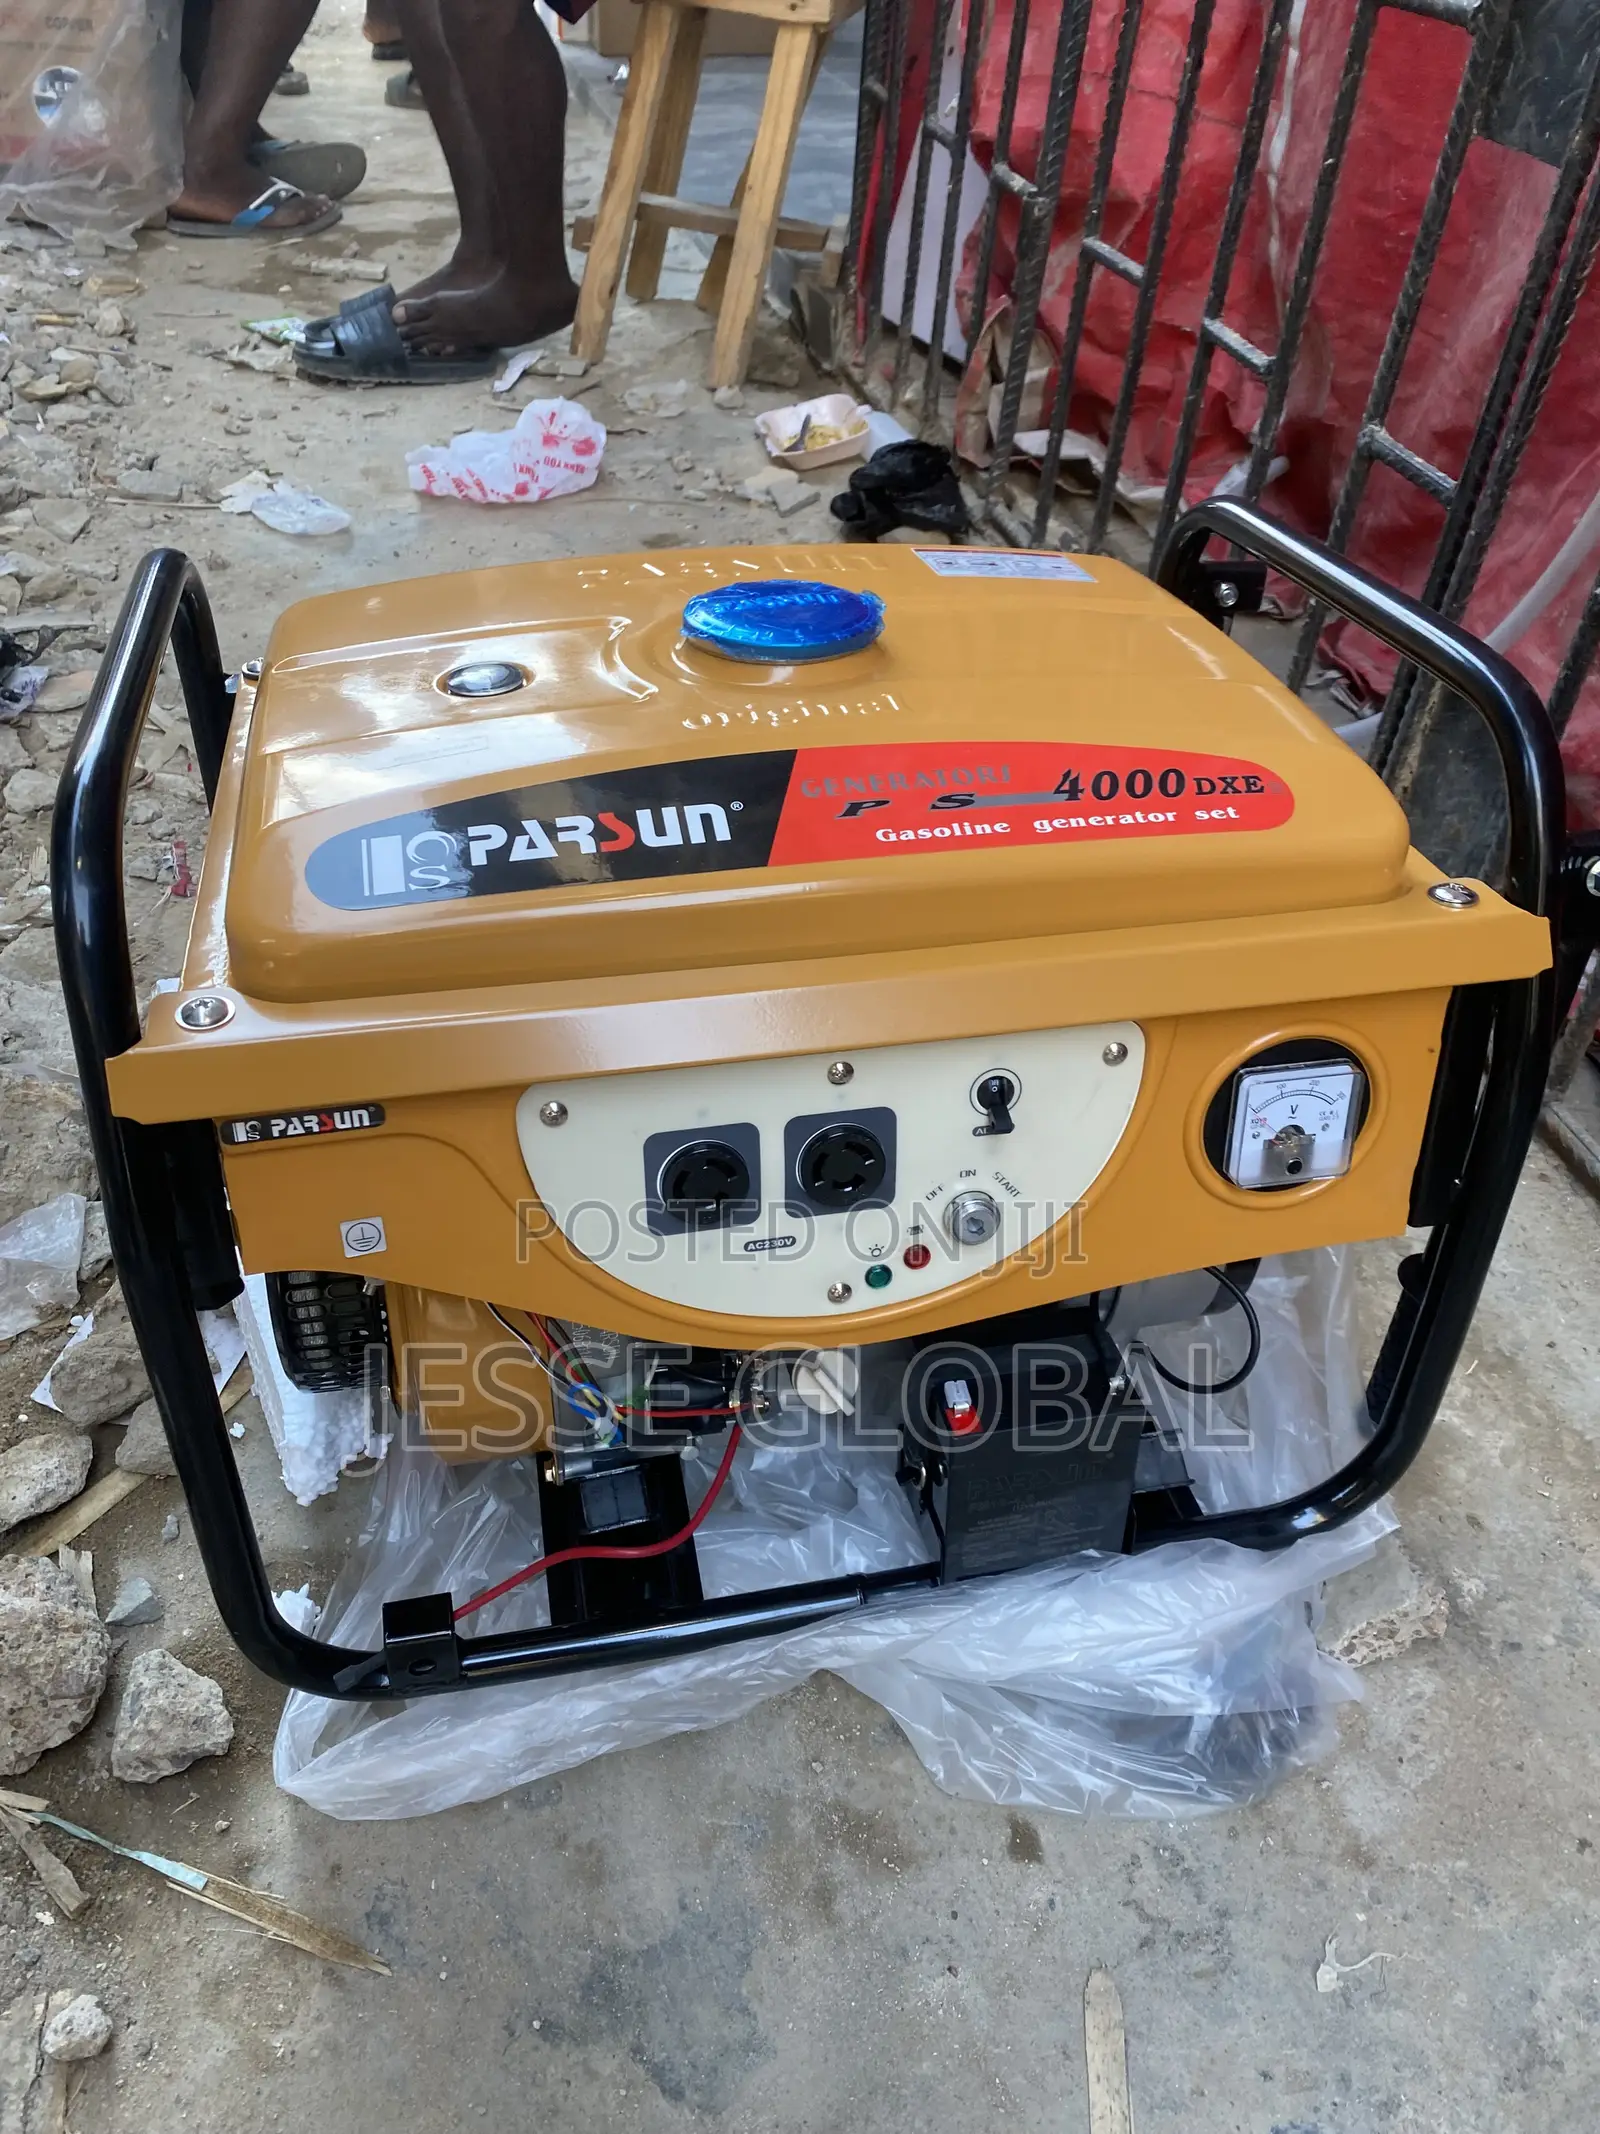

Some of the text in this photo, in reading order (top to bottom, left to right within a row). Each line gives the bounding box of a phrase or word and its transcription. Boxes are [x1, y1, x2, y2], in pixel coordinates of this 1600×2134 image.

[835, 799, 890, 818] P
[929, 793, 976, 811] S
[875, 806, 1240, 843] Gasoline generator set
[1290, 1104, 1299, 1115] V
[959, 1169, 977, 1179] ON
[925, 1183, 945, 1202] OFF
[992, 1171, 1022, 1199] START
[746, 1237, 793, 1252] AC230V
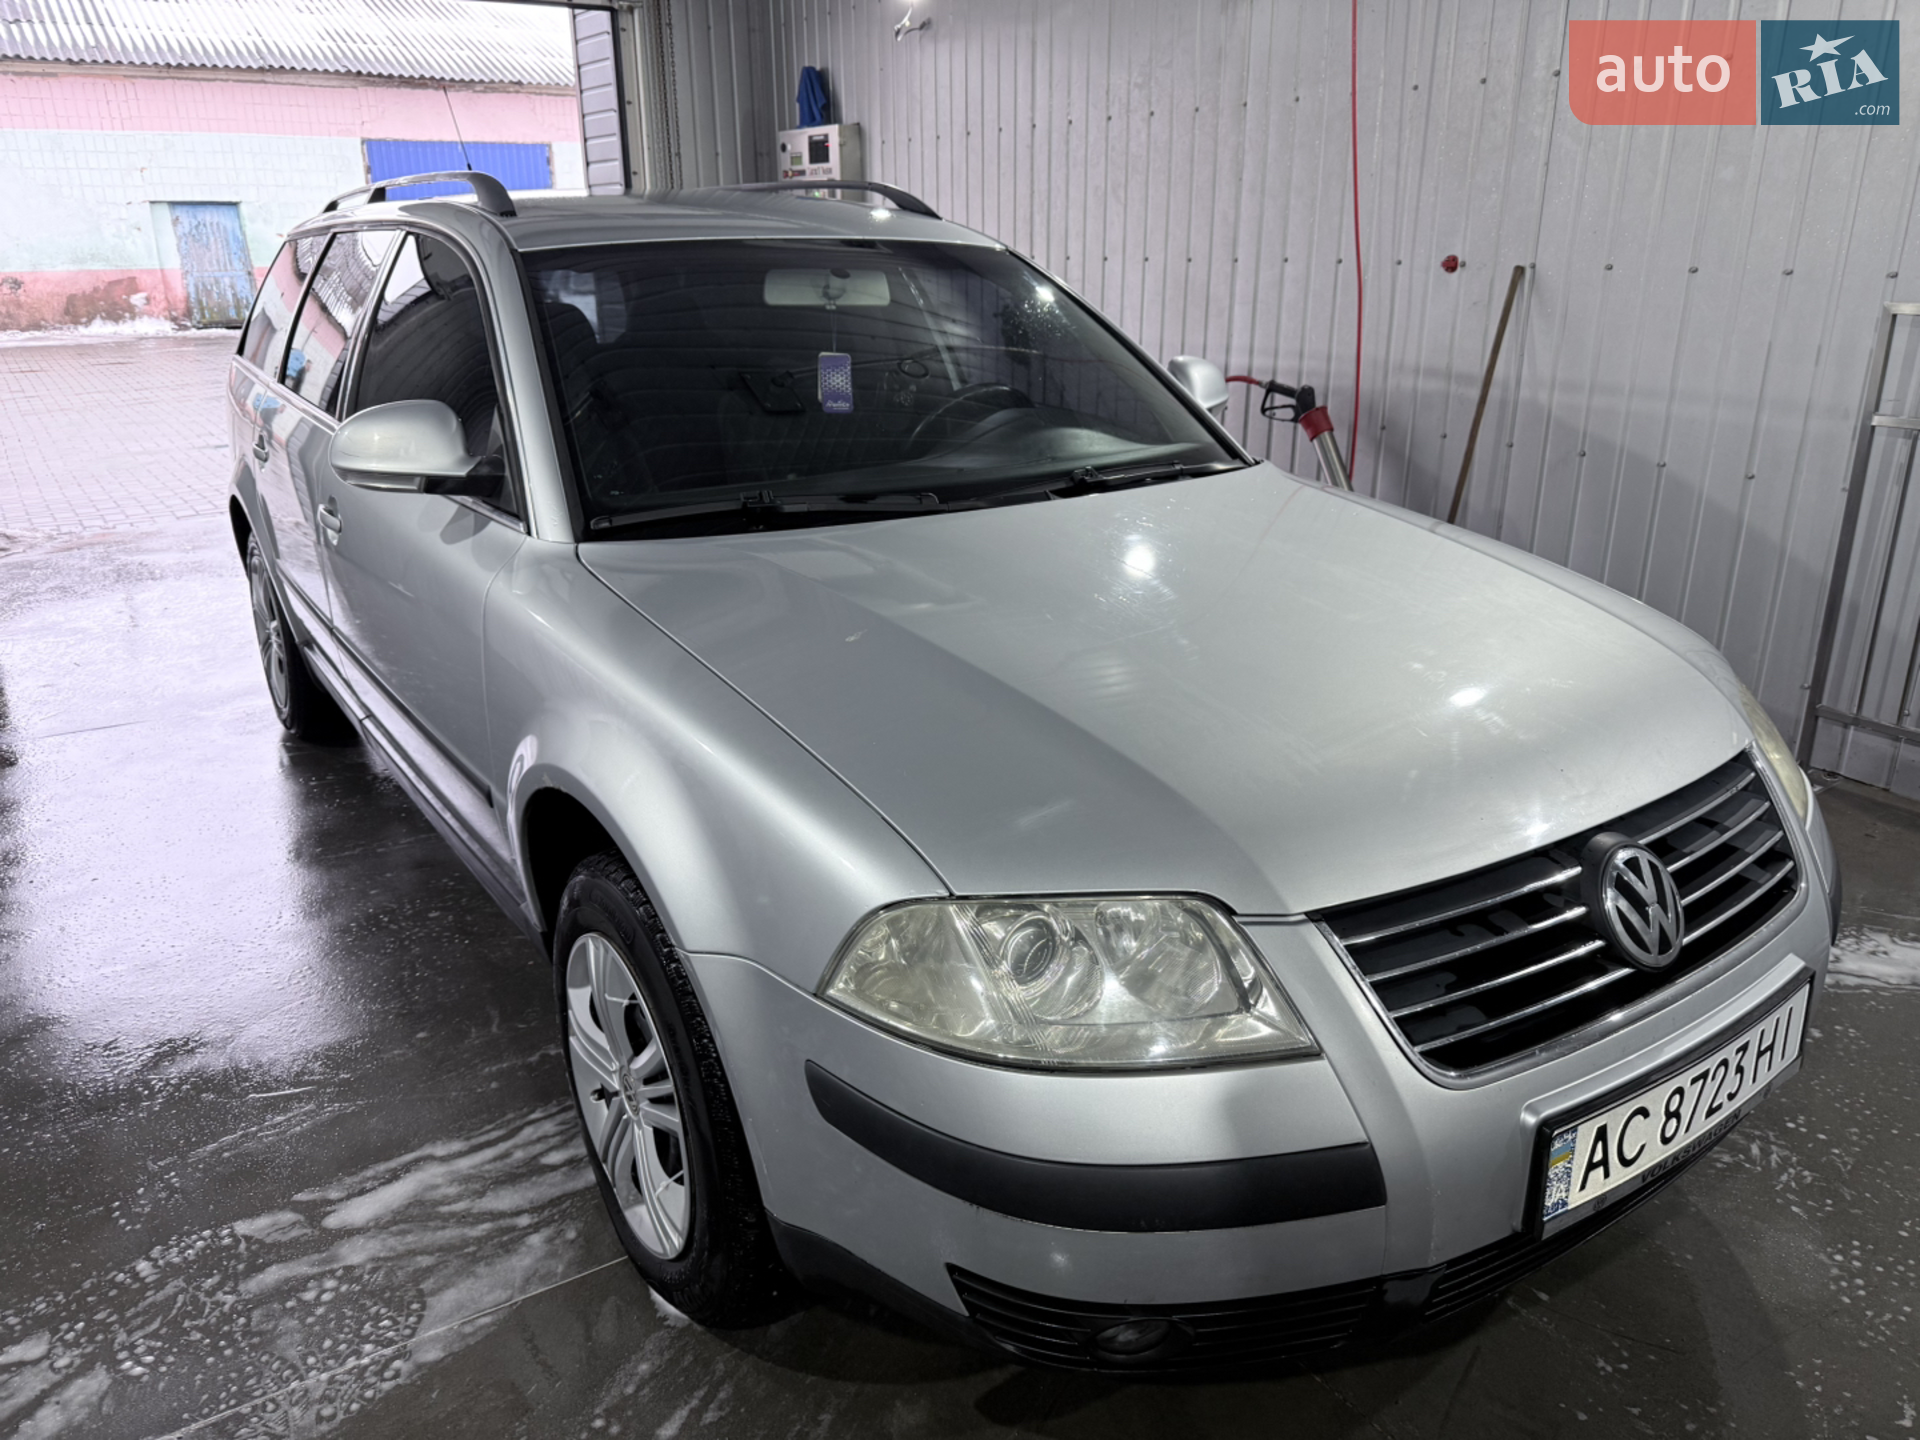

# TASK INSTRUCTIONS:
Everything in the material except the pictures should be restated word for word.

# SOLUTION TO THE PROBLEM:
Some of the text in this photo, in reading order (top to bottom, left to right within a row). Each line gives the bounding box of a phrase or word and its transcription. Boxes are [x1, y1, x2, y2], in pixel coordinates of this 1600×2134 image.

[835, 799, 890, 818] P
[929, 793, 976, 811] S
[875, 806, 1240, 843] Gasoline generator set
[1290, 1104, 1299, 1115] V
[959, 1169, 977, 1179] ON
[925, 1183, 945, 1202] OFF
[992, 1171, 1022, 1199] START
[746, 1237, 793, 1252] AC230V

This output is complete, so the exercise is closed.